What you have to do:
Copy every entry word for word. Skip the pictures.

Image-backed grounding data
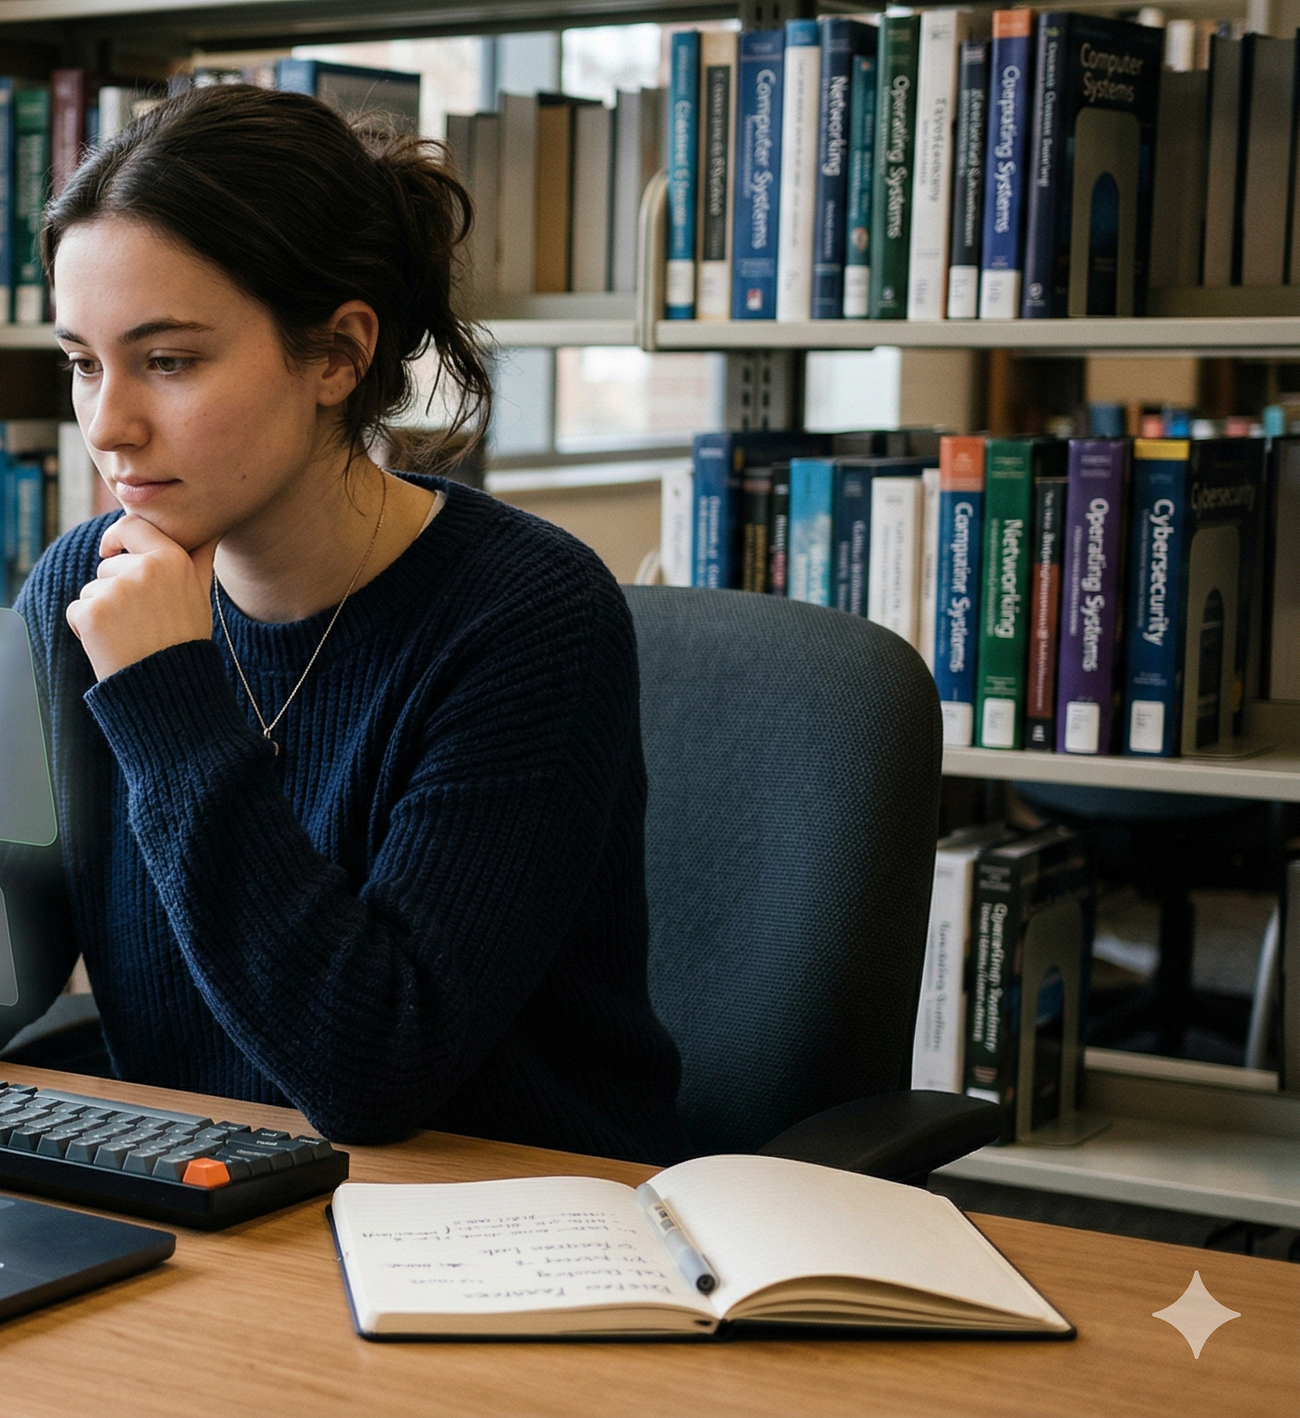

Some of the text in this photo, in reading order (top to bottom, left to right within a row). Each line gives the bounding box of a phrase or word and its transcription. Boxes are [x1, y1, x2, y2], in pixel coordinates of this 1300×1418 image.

[1081, 42, 1144, 77] Computer
[1083, 71, 1135, 103] Systems
[822, 75, 848, 177] Networking
[886, 75, 910, 163] Operating
[1143, 498, 1175, 646] Cybersecurity

Exercise result:
Some of the text in this photo, in reading order (top to bottom, left to right within a row). Each line gives the bounding box of a phrase or word and its transcription. Boxes are [x1, y1, x2, y2], in pixel coordinates of this 1300×1418 image.

[1081, 42, 1144, 77] Computer
[1083, 71, 1135, 103] Systems
[822, 75, 848, 177] Networking
[886, 75, 910, 163] Operating
[1143, 498, 1175, 646] Cybersecurity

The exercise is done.